Wireless carriers have consistently in the last few years tightened restrictions on how much data traffic customers can stream to smartphones and tablets. Their rationale was that new applications, especially video, were hogging so much bandwidth that they threatened to grind cellular networks to a halt.
It turns out the data caps also make for some novel business opportunities.
On Wednesday, the chief executive of AT&T (T) outlined a future in which certain content providers or app developers could pay carriers to avoid having their services count against a customer’s monthly data limit.
“There will be players in the ecosystem who are motivated to draw more traffic to their particular content or website,” Randall Stephenson said at a conference for investors hosted by JPMorgan. “And will there be models that emerge where they are willing to defray some of the consumer end user charges by paying it by themselves, either by advertising or by monetization of data? I think the answer to that is yes.”

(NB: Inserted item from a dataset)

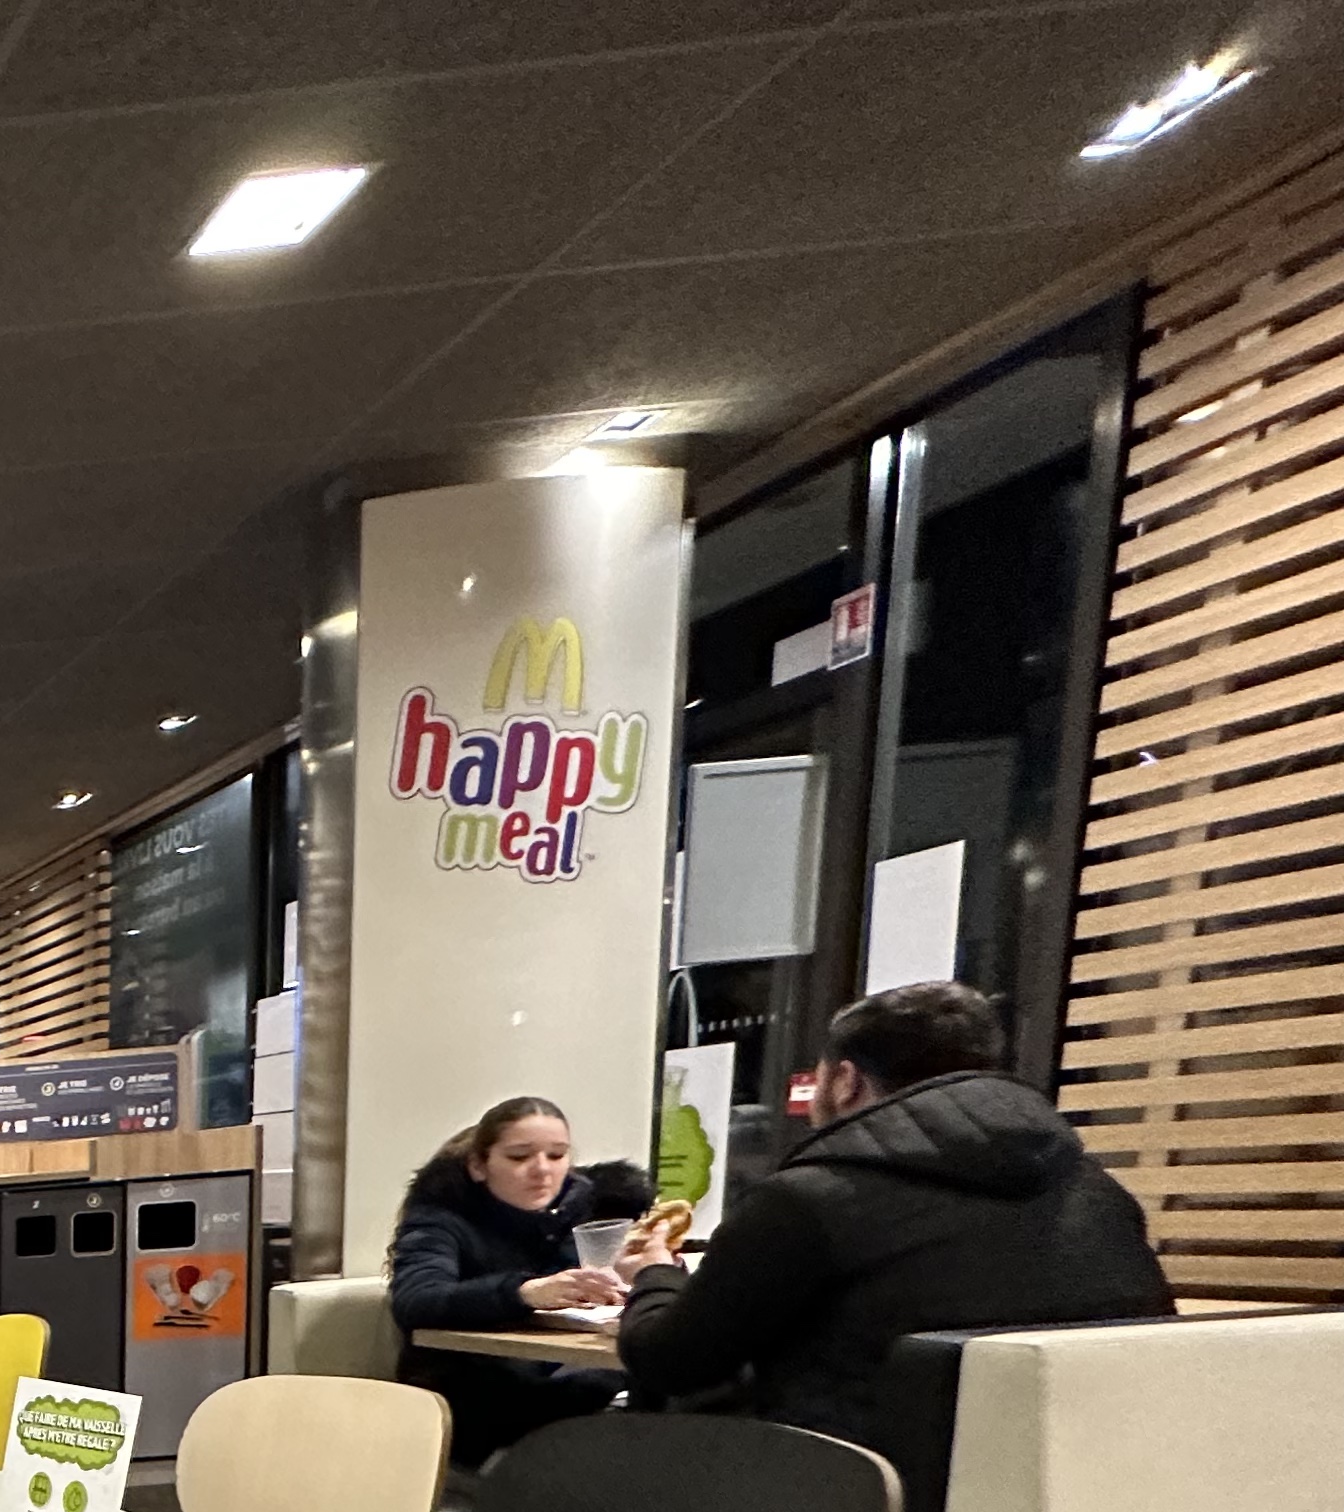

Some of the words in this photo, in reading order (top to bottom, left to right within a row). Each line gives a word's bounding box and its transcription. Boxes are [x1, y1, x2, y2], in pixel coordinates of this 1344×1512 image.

It’s not hard to see why this sounds like a good idea to Stephenson. Such deals could also be a big deal for a business like ESPN (DIS). The Wall Street Journal reported last week that the sports network has talked with at least one wireless provider about covering some viewer data costs.
At first glance it could also benefit consumers, giving them one less detail to worry about when navigating complex phone plans. And who’s against unlimited sports highlights?

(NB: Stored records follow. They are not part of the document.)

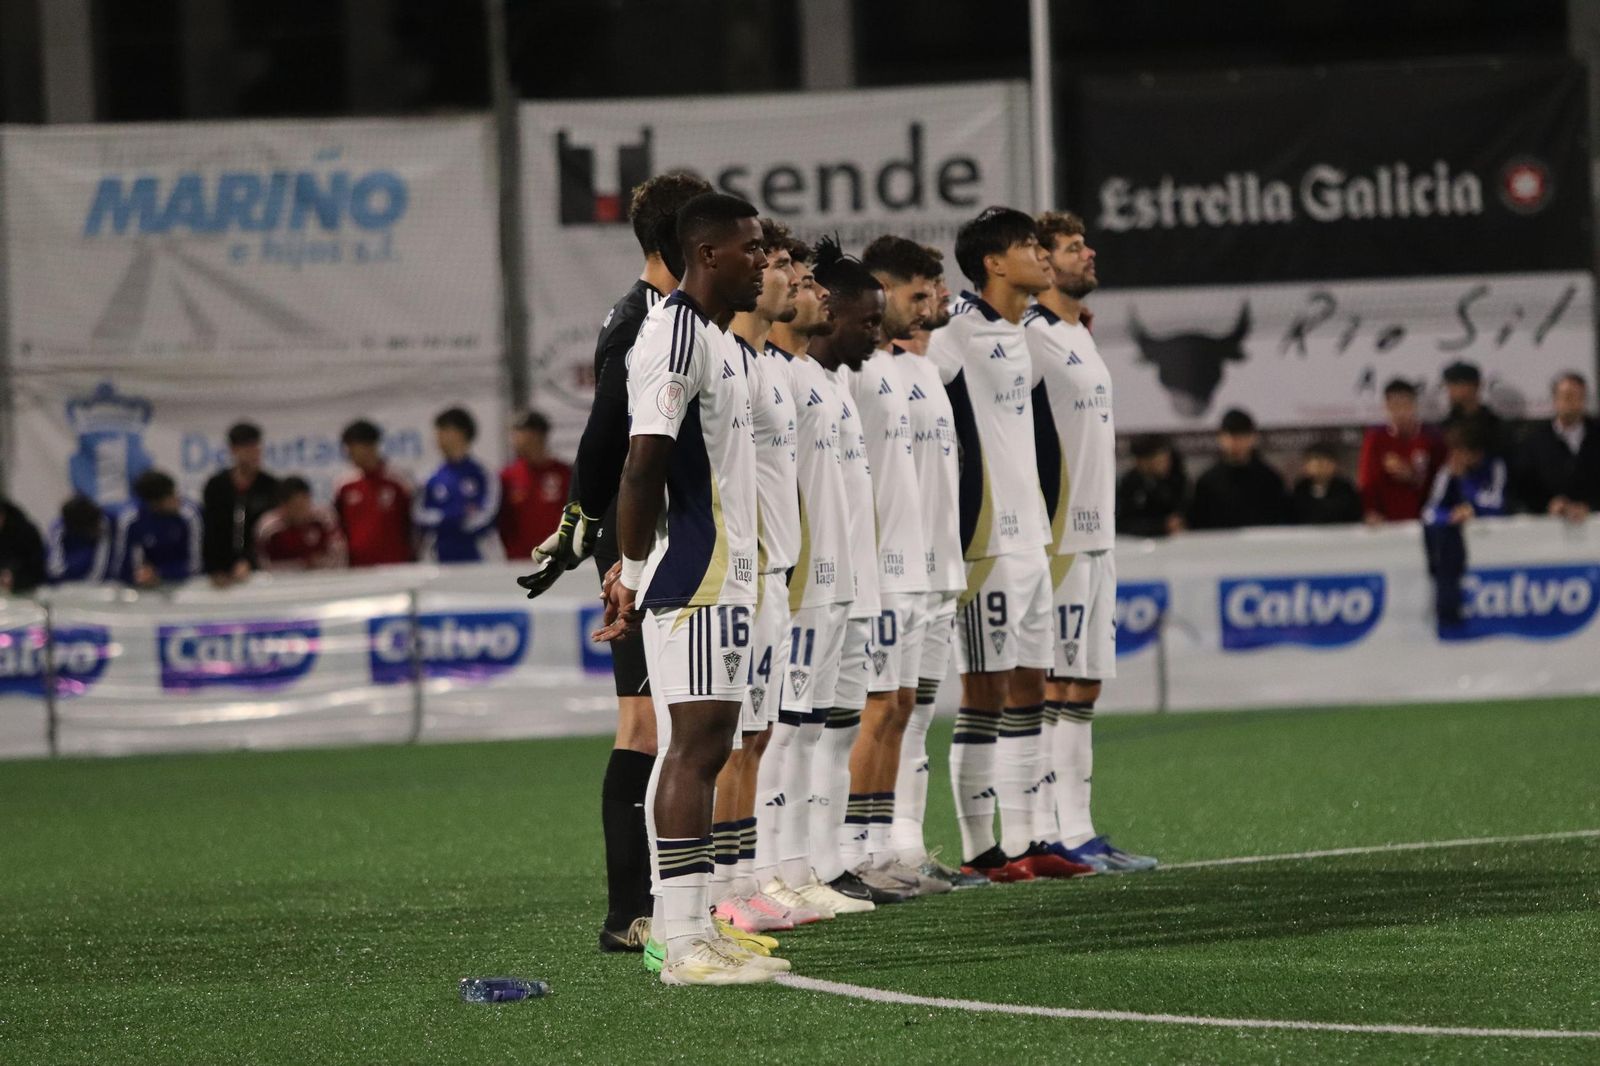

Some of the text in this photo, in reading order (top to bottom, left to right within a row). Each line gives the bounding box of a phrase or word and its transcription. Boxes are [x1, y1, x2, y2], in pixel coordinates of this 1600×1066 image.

[84, 147, 407, 237] MARIÑO
[1098, 160, 1483, 231] Estrella Galicia
[1437, 284, 1576, 352] Sil
[717, 606, 749, 648] 16
[986, 591, 1008, 627] 9
[1057, 604, 1085, 640] 17
[1225, 581, 1375, 630] Calvo
[0, 631, 98, 676] alvo
[166, 630, 310, 672] Calvo
[377, 613, 521, 664] Calvo
[790, 626, 815, 667] 11

Plenty of people, actually. There’s an ongoing fight in Washington about whether the people who control the infrastructure of the Internet should be allowed to offer preferred treatment for certain services.

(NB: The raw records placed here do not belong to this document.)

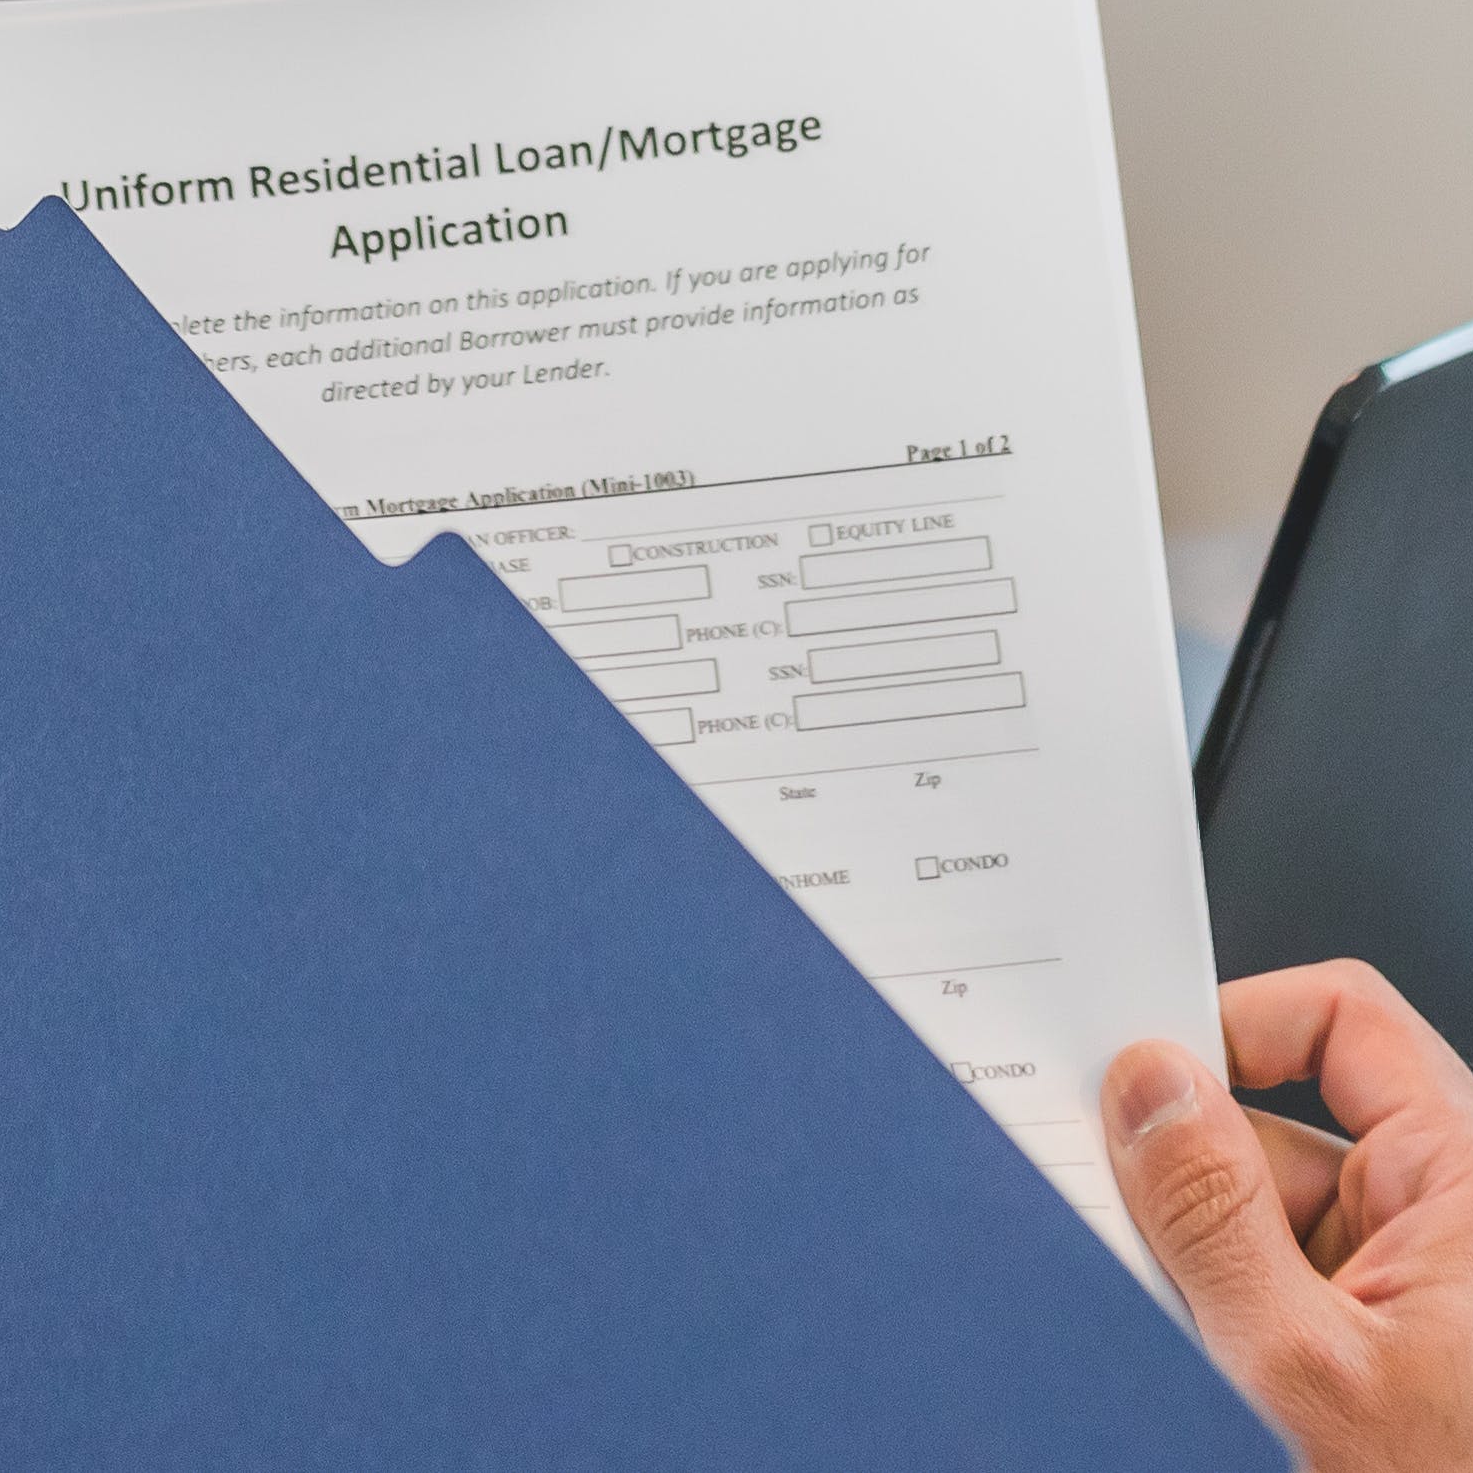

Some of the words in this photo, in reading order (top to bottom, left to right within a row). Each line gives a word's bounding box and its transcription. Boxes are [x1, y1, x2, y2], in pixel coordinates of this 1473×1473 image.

[61, 173, 234, 212] Uniform
[249, 143, 480, 198] Residential
[495, 114, 822, 175] Loan/Mortgage
[330, 207, 568, 263] Application
[171, 314, 225, 337] lete
[234, 309, 272, 332] the
[280, 294, 421, 332] information
[428, 294, 458, 316] on
[466, 285, 509, 311] this
[516, 275, 657, 314] application.
[666, 269, 688, 296] If
[688, 266, 732, 293] you
[739, 261, 777, 284] are
[785, 246, 888, 283] applying
[895, 242, 931, 271] for
[266, 344, 322, 369] each
[329, 332, 452, 365] additional
[459, 321, 569, 353] Borrower
[576, 314, 639, 340] must
[645, 304, 735, 337] provide
[742, 289, 886, 325] information
[893, 283, 921, 307] as
[320, 375, 420, 404] directed
[427, 372, 455, 398] by
[462, 367, 516, 394] your
[523, 357, 611, 386] Lender.
[906, 443, 952, 464] Page
[959, 439, 967, 457] 1
[974, 436, 994, 455] of
[999, 434, 1012, 454] 2
[366, 495, 458, 516] Mortgage
[466, 482, 575, 509] Application
[581, 469, 696, 499] (Mini-1003)
[837, 518, 905, 540] EQUITY
[911, 513, 956, 532] LINE
[632, 532, 779, 564] CONSTRUCTION
[757, 572, 797, 589] SSN:
[686, 623, 748, 643] PHONE
[752, 619, 784, 639] (C):
[768, 663, 808, 681] SSN:
[697, 715, 760, 735] PHONE
[779, 784, 816, 801] State
[914, 770, 942, 790] Zip
[941, 852, 1009, 874] CONDO
[941, 979, 968, 997] Zip
[972, 1061, 1036, 1082] CONDO

What Stephenson sees as a new market is better described as a shakedown, according to Michael Weinberg of Public Knowledge, a nonprofit group that advocates for an open Internet. In a Wednesday post on the organization’s blog, he questioned whether the technical justification for data caps in the first place were a smokescreen to generate new revenue.
“Data caps are all about forcing content creators to pay in order to reach subscribers,” Weinberg wrote. “By creating data caps, ISPs create a new market that never needed to exist and never existed before: the market for not being counted against data caps. And that market can be big money. But it can also fundamentally change the way the internet economy functions.”
Once this market exists, Weinberg argues, developers and content creators who can afford to pay will have an unfair advantage over upstarts, stifling innovation and limiting consumer choice. There have been questions about carriers’ claims about their limited bandwidth in recent years. And once a carrier can rely on fixed customer data limits, it has little incentive to make its data traffic more efficient.
Stephenson said at Wednesday’s conference that while he doesn’t think there’s much to be gained from data caps on the wired Internet, wireless is a different story. “You put another megabyte on the mobile network, there is a direct and immediate cost dynamic on it,” he said. “That is what will drive those secondary business models.”
Brustein is a writer for Businessweek.com.